ГЛАВА ТРИДЦАТЬ ВОСЬМАЯ

В один и тот же день вернулись домой Боде и Генрих Вендт; позднее приехал Вольфрум. До судебного процесса дело не дошло. Продержав несколько месяцев в тюрьме, их — неизвестно почему — выпустили, а других оставили.

В дороге Вольфрум раздобыл газету. На предпоследней странице, под рубрикой «Разное», было напечатано краткое сообщение о том, что болгарского коммуниста Димитрова и его земляков, которых обвиняли в поджоге рейхстага, оправдали, а голландца Ван дер Люббе приговорили к смертной казни.

Вольфрум раздумывал недолго. Одну марку и двенадцать пфеннигов — всю свою наличность — он решил тут же прокутить. В зале ожидания Гетштедтского вокзала в Галле он купил наилучшую сигару и две кружки пива. С наслаждением осушив их, он вытер губы. Какое блаженство…
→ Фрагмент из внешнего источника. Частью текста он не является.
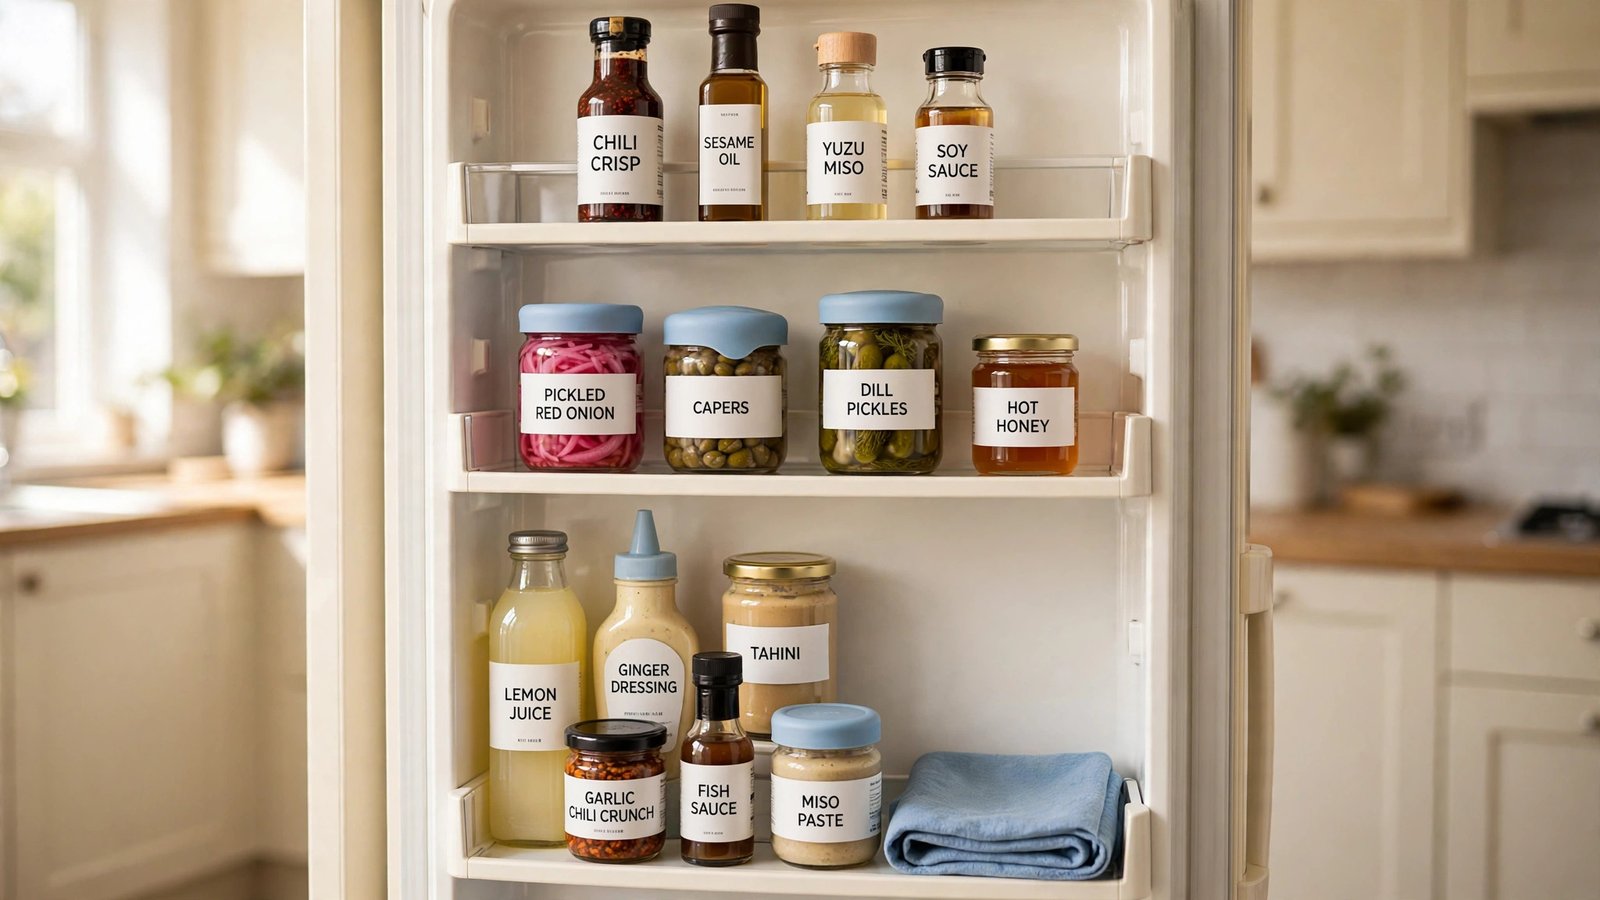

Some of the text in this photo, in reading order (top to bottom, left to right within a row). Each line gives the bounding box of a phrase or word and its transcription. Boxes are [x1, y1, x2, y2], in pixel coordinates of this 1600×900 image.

По пути домой он встретил на рыночной площади Лаубе. У Лаубе теперь постоянно красовалась в петлице ленточка Железного креста второй степени, а возле нее круглый значок со свастикой. Его и Тень Бартель первыми завербовал в партию фюрера; случилось это второго мая, после того как были распущены профсоюзы. Каждая заполненная для вступления в НСДАП анкета служила Бартелю ступенькой вверх.
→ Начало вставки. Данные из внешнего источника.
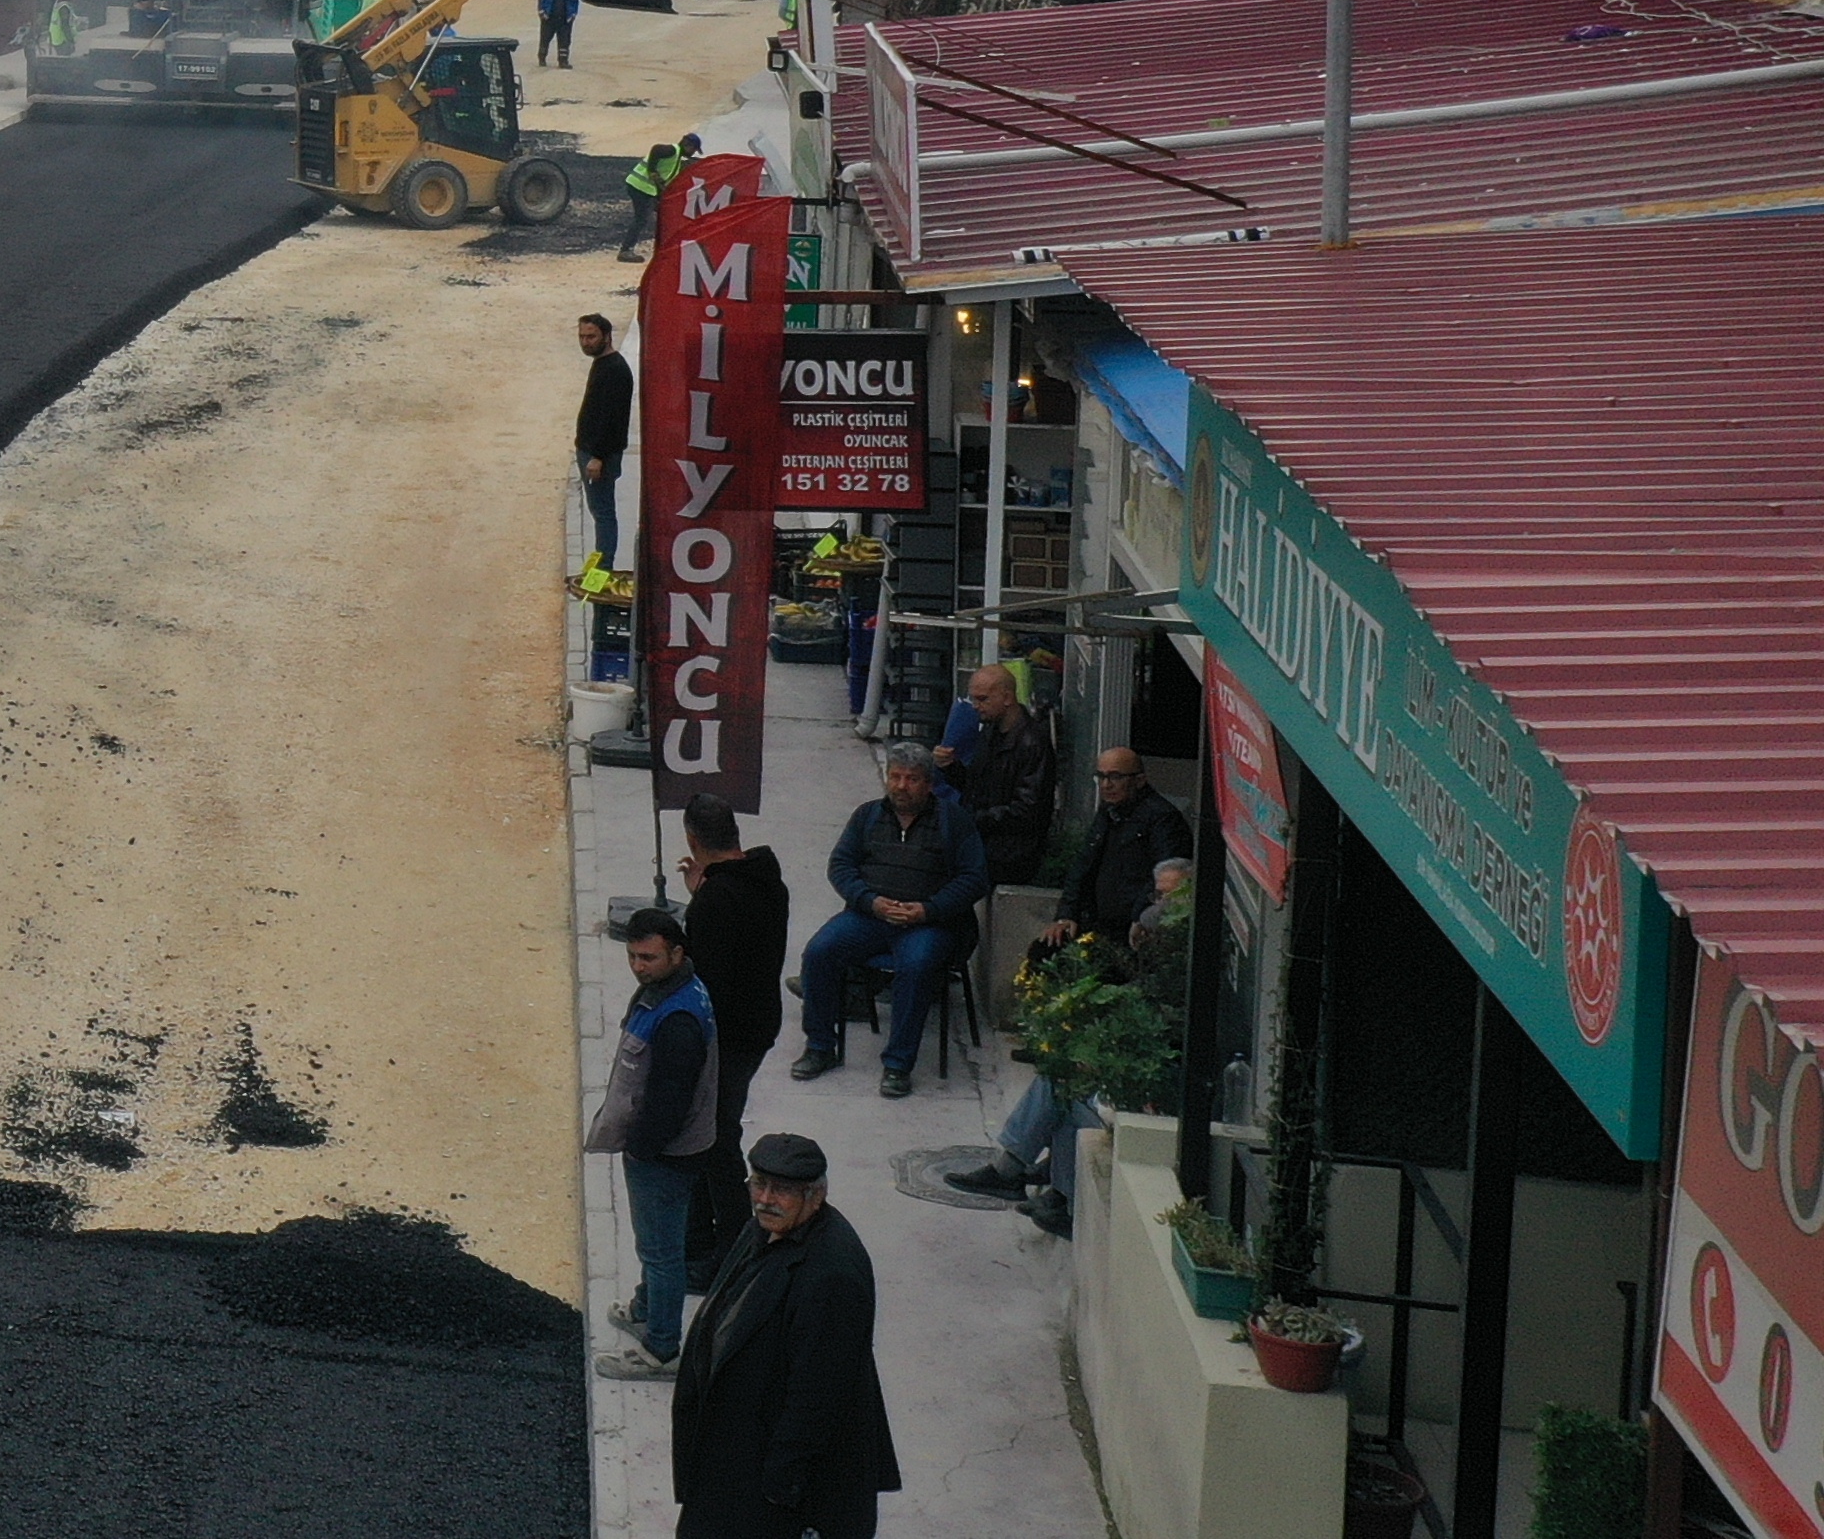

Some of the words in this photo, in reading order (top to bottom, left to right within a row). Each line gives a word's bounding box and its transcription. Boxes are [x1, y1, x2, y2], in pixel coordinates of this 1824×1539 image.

Увидев Вольфрума, Лаубе в первое мгновение растерянно улыбнулся. Он не знал, как себя вести, и хотел уже было поднять руку в гитлеровском приветствии. Но Вольфрум скользнул взглядом мимо этого чужого человека с нацистским значком на груди. Он не был знаком с ним.

Боде, Генрих Вендт и Вольфрум получили повестки с приказом явиться на Вицтумскую шахту и приступить к работе. Вендт не пошел из-за болезни.

— Медь! Нам снова требуется медь, — говорил Боде и Вольфруму оберфарштейгер Бартель. Он не упускал ни одного случая, чтобы не упомянуть о своей новой должности. «Как оберфарштейгер, я распорядился… Как оберфарштейгер, я обязан…»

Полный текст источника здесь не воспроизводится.